(Data for review)

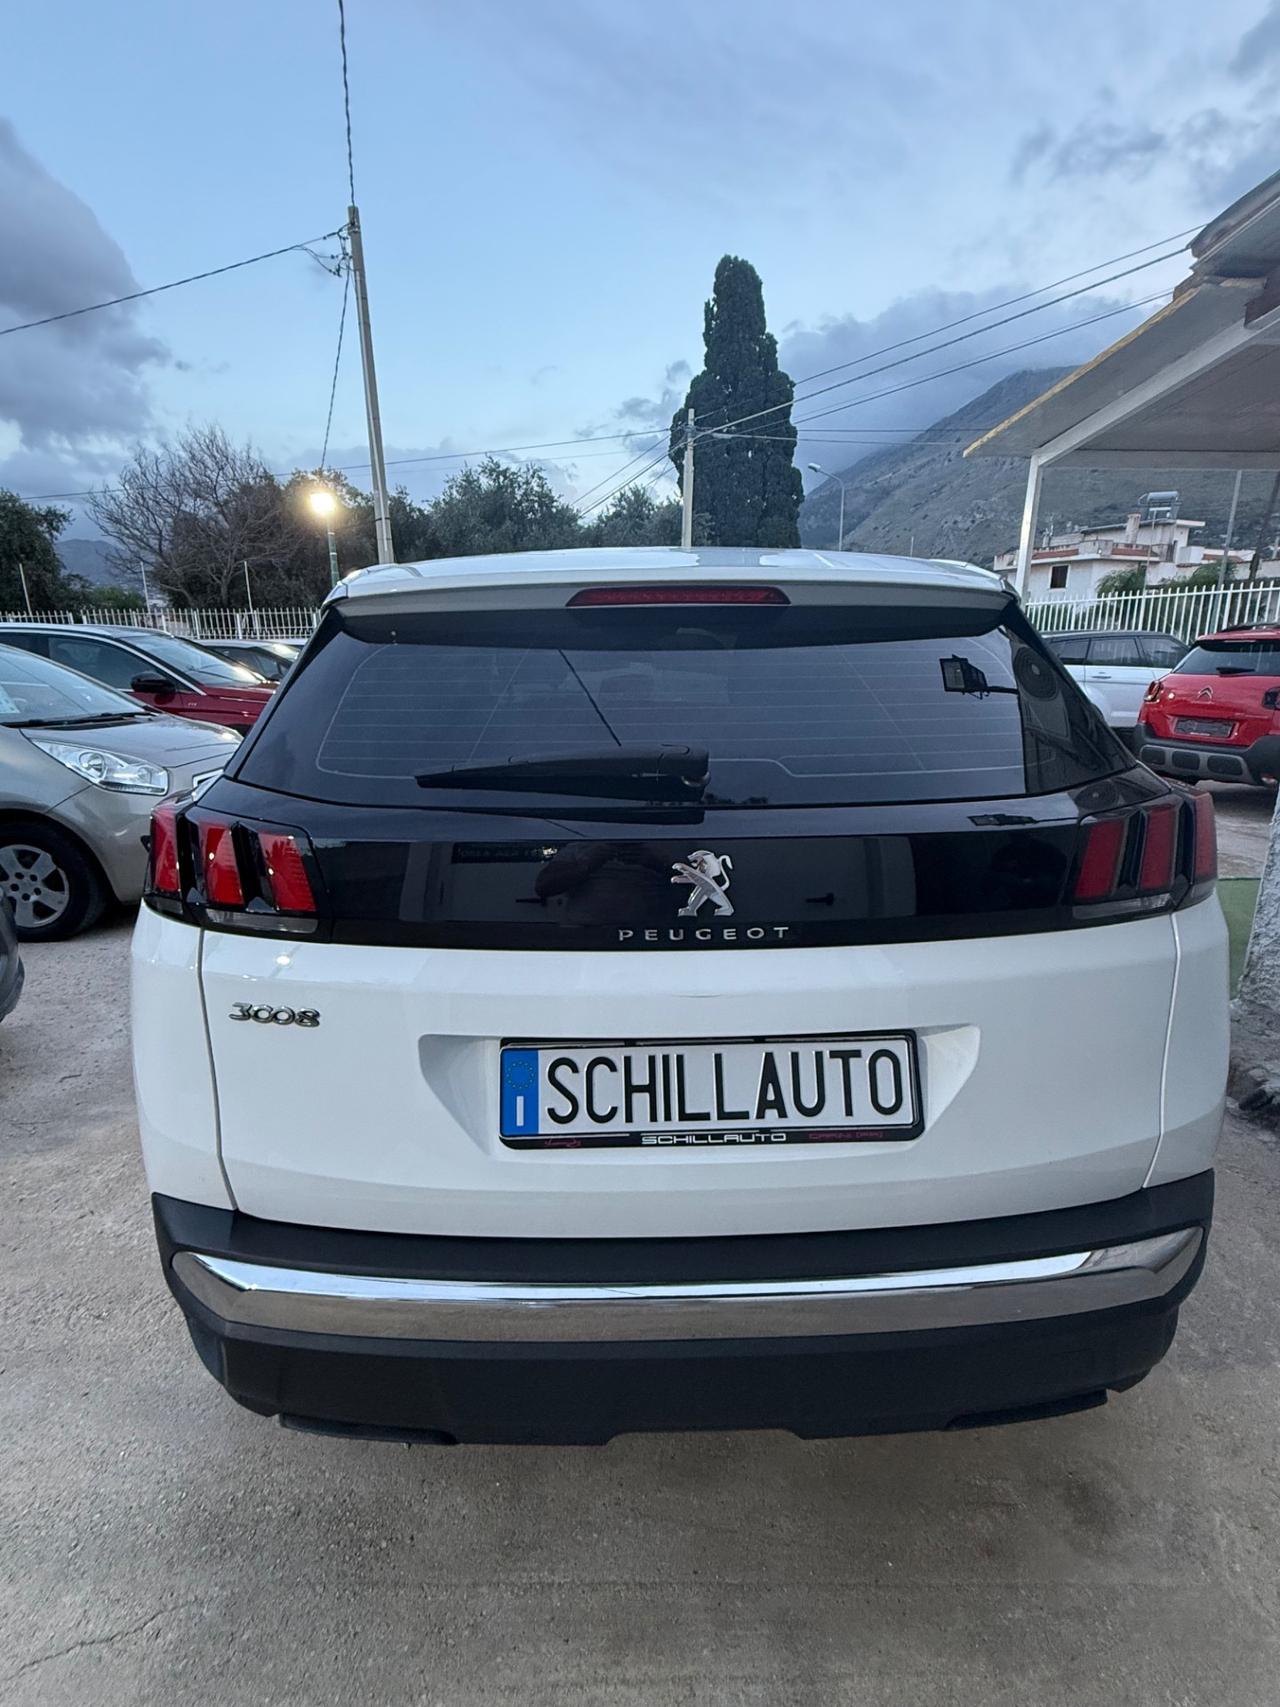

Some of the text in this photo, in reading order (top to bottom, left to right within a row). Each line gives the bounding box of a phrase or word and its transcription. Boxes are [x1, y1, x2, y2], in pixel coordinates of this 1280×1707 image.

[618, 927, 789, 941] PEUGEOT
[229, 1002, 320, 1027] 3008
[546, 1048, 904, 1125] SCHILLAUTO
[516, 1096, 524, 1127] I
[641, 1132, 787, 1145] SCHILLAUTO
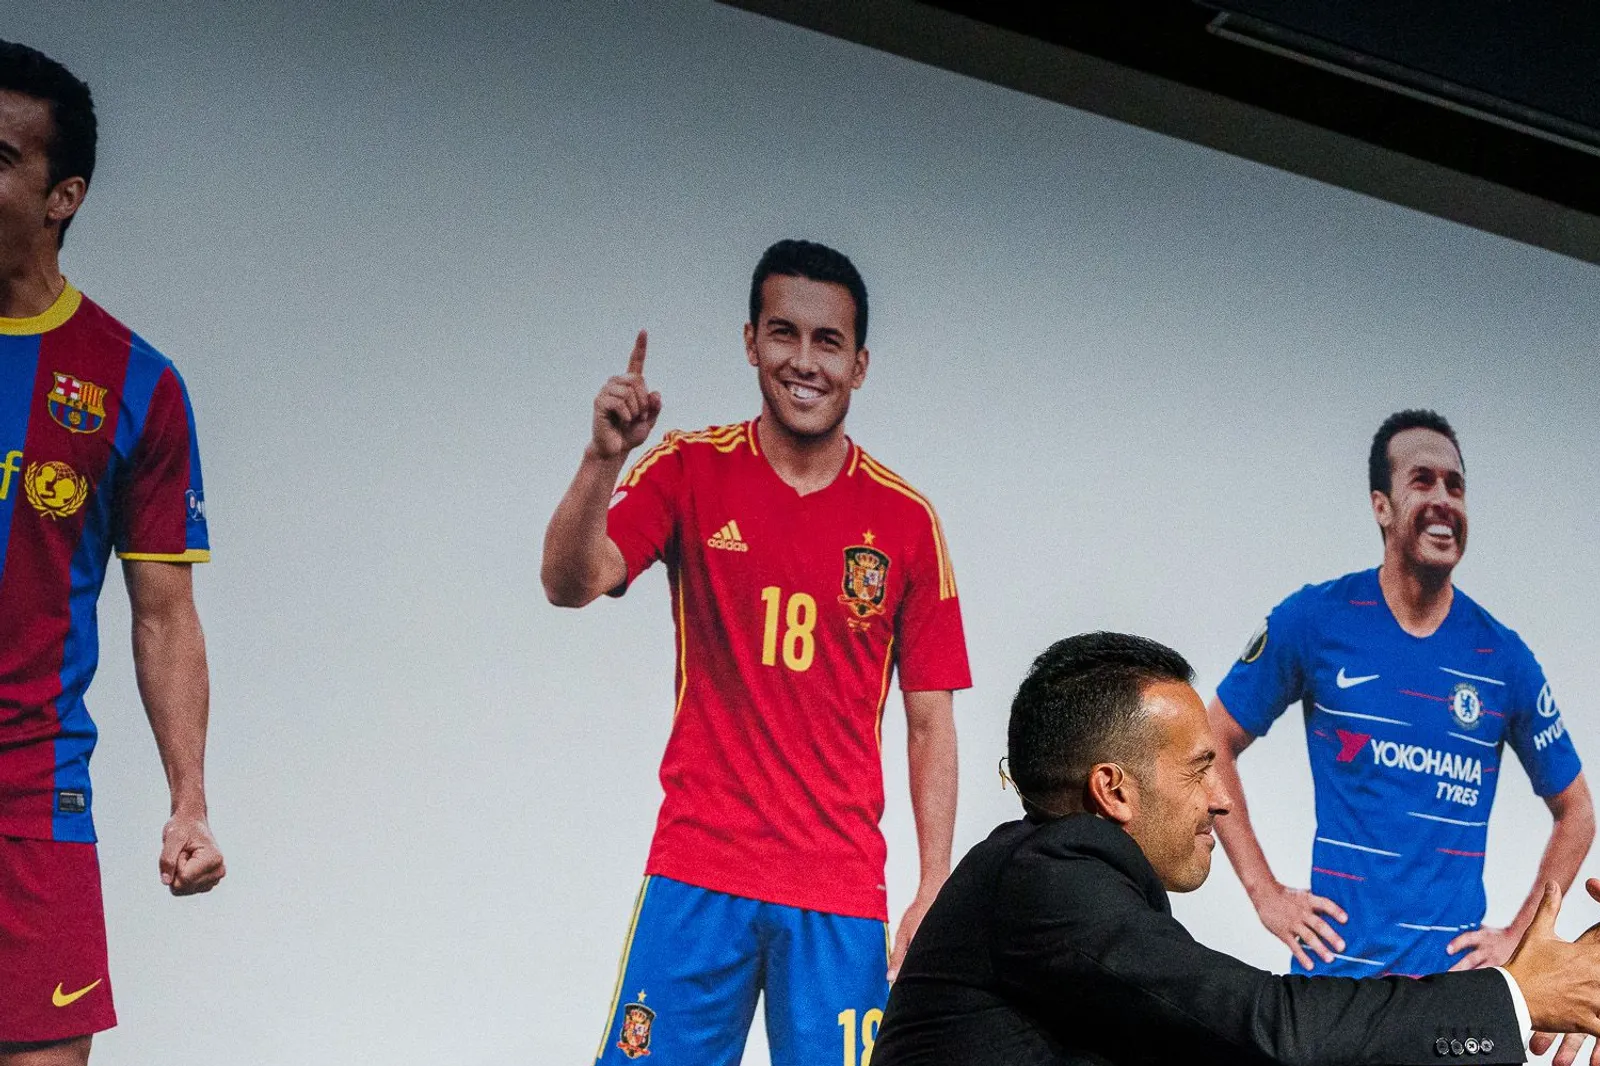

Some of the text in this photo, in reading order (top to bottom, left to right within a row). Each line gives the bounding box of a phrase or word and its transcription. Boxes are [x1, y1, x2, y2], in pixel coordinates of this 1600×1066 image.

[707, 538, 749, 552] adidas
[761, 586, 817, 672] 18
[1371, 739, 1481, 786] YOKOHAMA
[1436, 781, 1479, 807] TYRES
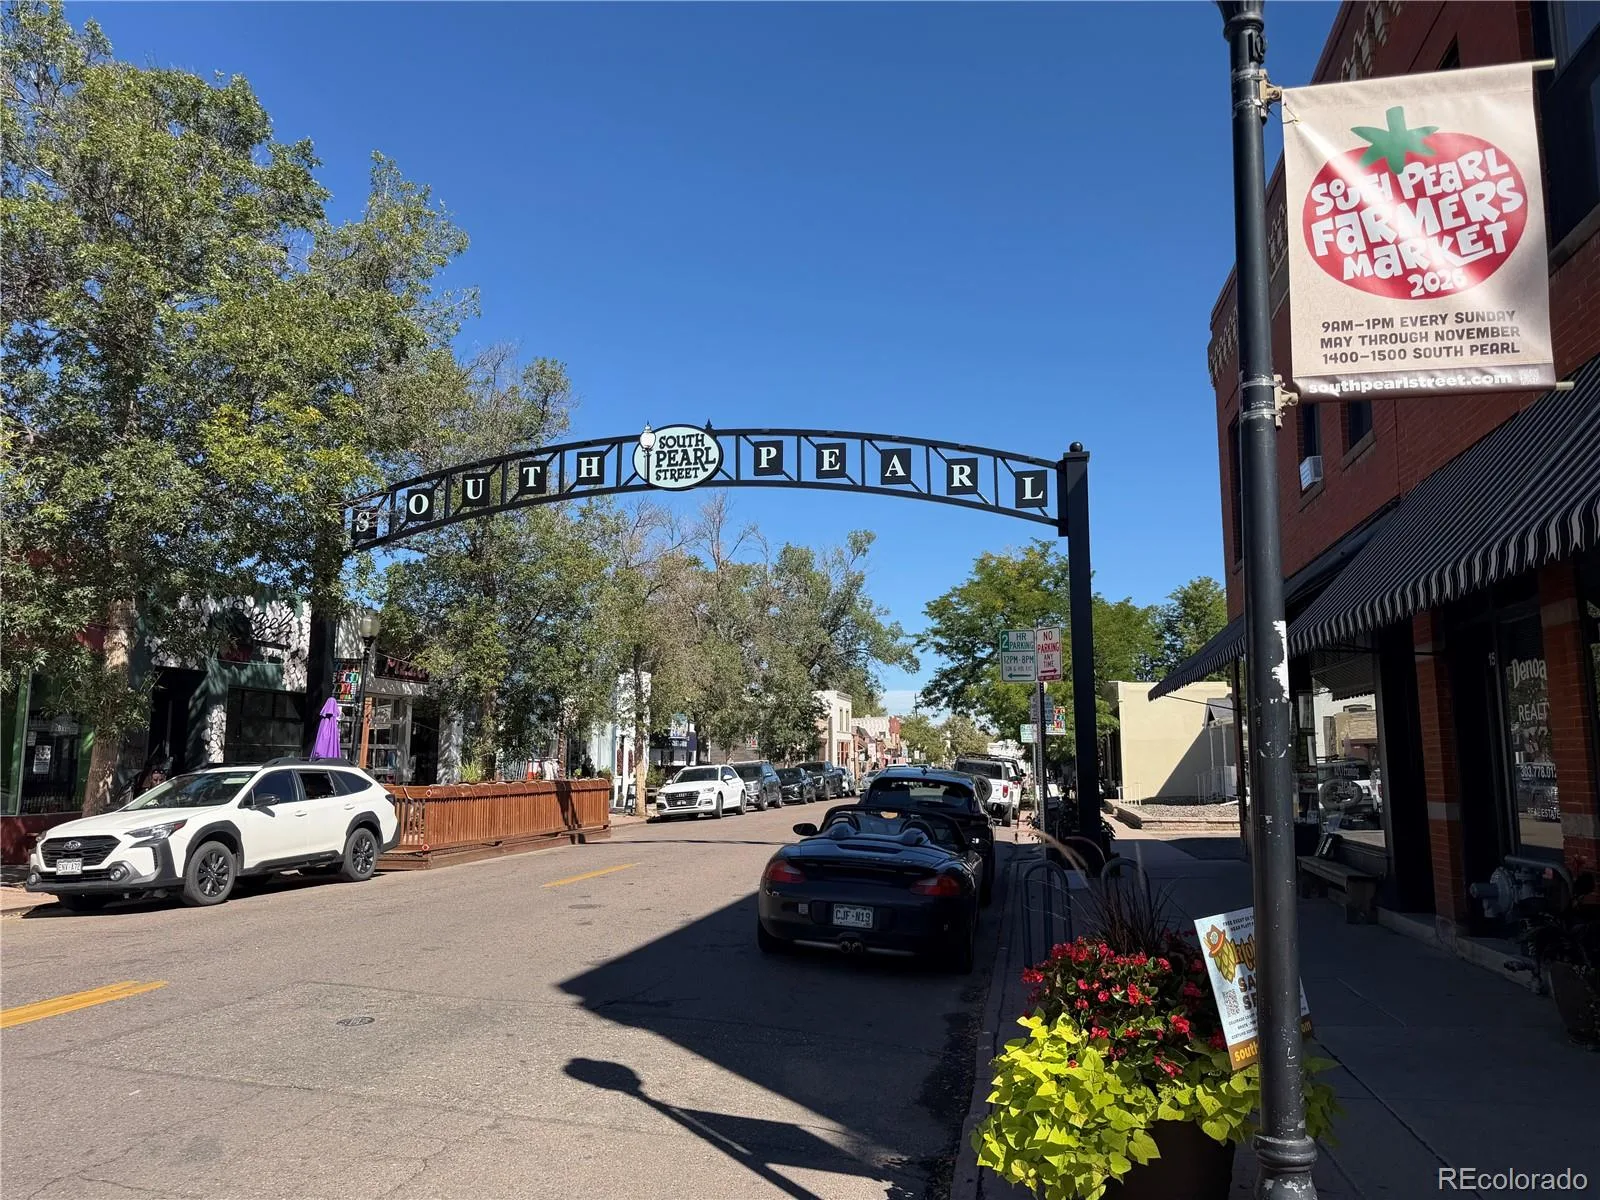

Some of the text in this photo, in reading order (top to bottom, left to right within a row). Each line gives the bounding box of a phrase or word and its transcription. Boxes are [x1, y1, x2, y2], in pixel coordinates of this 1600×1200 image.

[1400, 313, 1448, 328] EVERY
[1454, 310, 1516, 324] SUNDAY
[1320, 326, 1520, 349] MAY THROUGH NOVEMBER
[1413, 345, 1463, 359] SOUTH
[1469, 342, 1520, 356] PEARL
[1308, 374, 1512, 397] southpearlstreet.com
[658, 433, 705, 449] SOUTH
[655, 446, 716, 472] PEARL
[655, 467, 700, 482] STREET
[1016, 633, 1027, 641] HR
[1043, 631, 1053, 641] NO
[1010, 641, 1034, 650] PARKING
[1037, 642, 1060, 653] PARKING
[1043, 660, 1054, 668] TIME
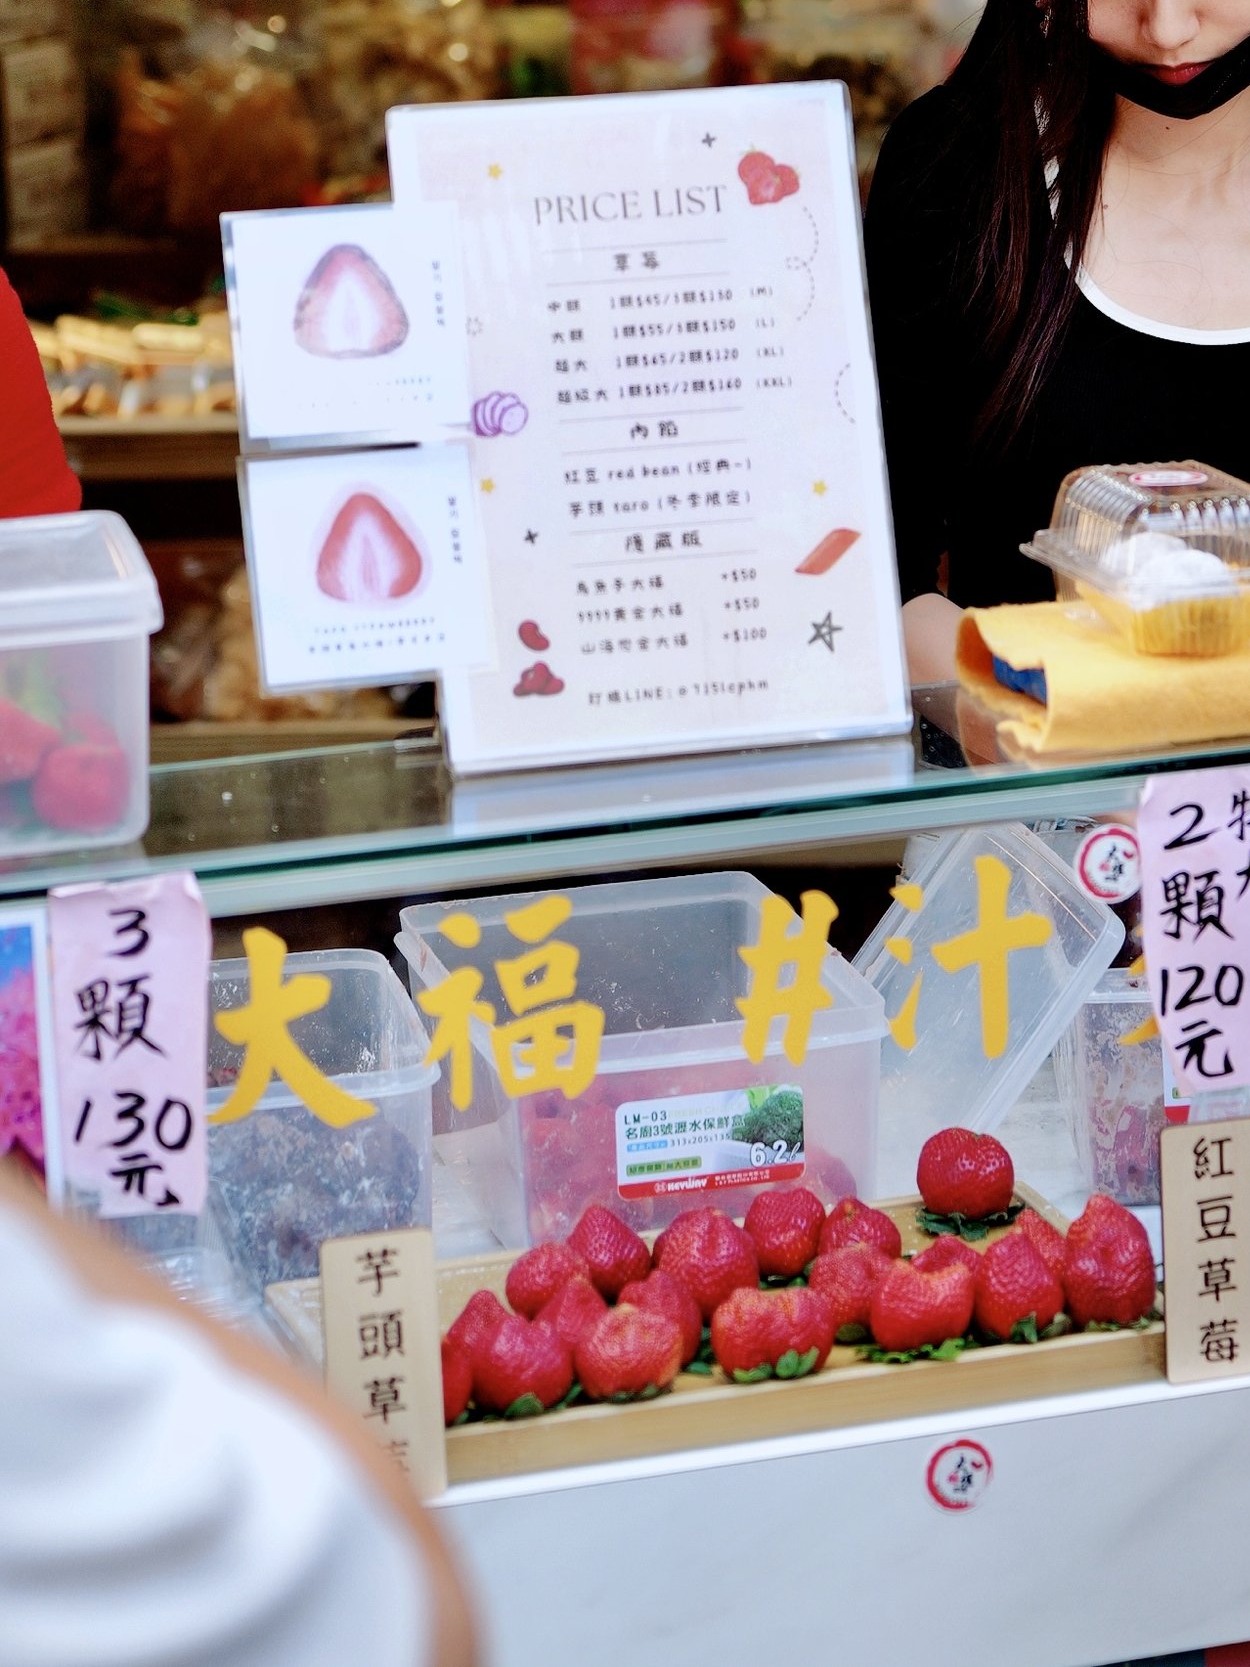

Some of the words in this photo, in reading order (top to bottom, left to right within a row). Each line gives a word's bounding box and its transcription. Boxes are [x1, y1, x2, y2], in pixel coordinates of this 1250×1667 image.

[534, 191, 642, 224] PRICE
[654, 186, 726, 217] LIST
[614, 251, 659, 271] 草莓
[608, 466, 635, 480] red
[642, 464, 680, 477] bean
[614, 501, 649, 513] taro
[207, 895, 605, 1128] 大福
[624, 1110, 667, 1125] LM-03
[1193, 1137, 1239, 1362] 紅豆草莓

(End Data for review)

◆ Assigned task: The copy should start at the line that contains "this 1600×1200 image.", end at the last line of the entries above, and match each line exactly, with pictures dropped.

◆ Exercise output:
Some of the text in this photo, in reading order (top to bottom, left to right within a row). Each line gives the bounding box of a phrase or word and its transcription. Boxes are [x1, y1, x2, y2], in pixel coordinates of this 1600×1200 image.

[1400, 313, 1448, 328] EVERY
[1454, 310, 1516, 324] SUNDAY
[1320, 326, 1520, 349] MAY THROUGH NOVEMBER
[1413, 345, 1463, 359] SOUTH
[1469, 342, 1520, 356] PEARL
[1308, 374, 1512, 397] southpearlstreet.com
[658, 433, 705, 449] SOUTH
[655, 446, 716, 472] PEARL
[655, 467, 700, 482] STREET
[1016, 633, 1027, 641] HR
[1043, 631, 1053, 641] NO
[1010, 641, 1034, 650] PARKING
[1037, 642, 1060, 653] PARKING
[1043, 660, 1054, 668] TIME

Some of the words in this photo, in reading order (top to bottom, left to right within a row). Each line gives a word's bounding box and its transcription. Boxes are [x1, y1, x2, y2], in pixel coordinates of this 1250×1667 image.

[534, 191, 642, 224] PRICE
[654, 186, 726, 217] LIST
[614, 251, 659, 271] 草莓
[608, 466, 635, 480] red
[642, 464, 680, 477] bean
[614, 501, 649, 513] taro
[207, 895, 605, 1128] 大福
[624, 1110, 667, 1125] LM-03
[1193, 1137, 1239, 1362] 紅豆草莓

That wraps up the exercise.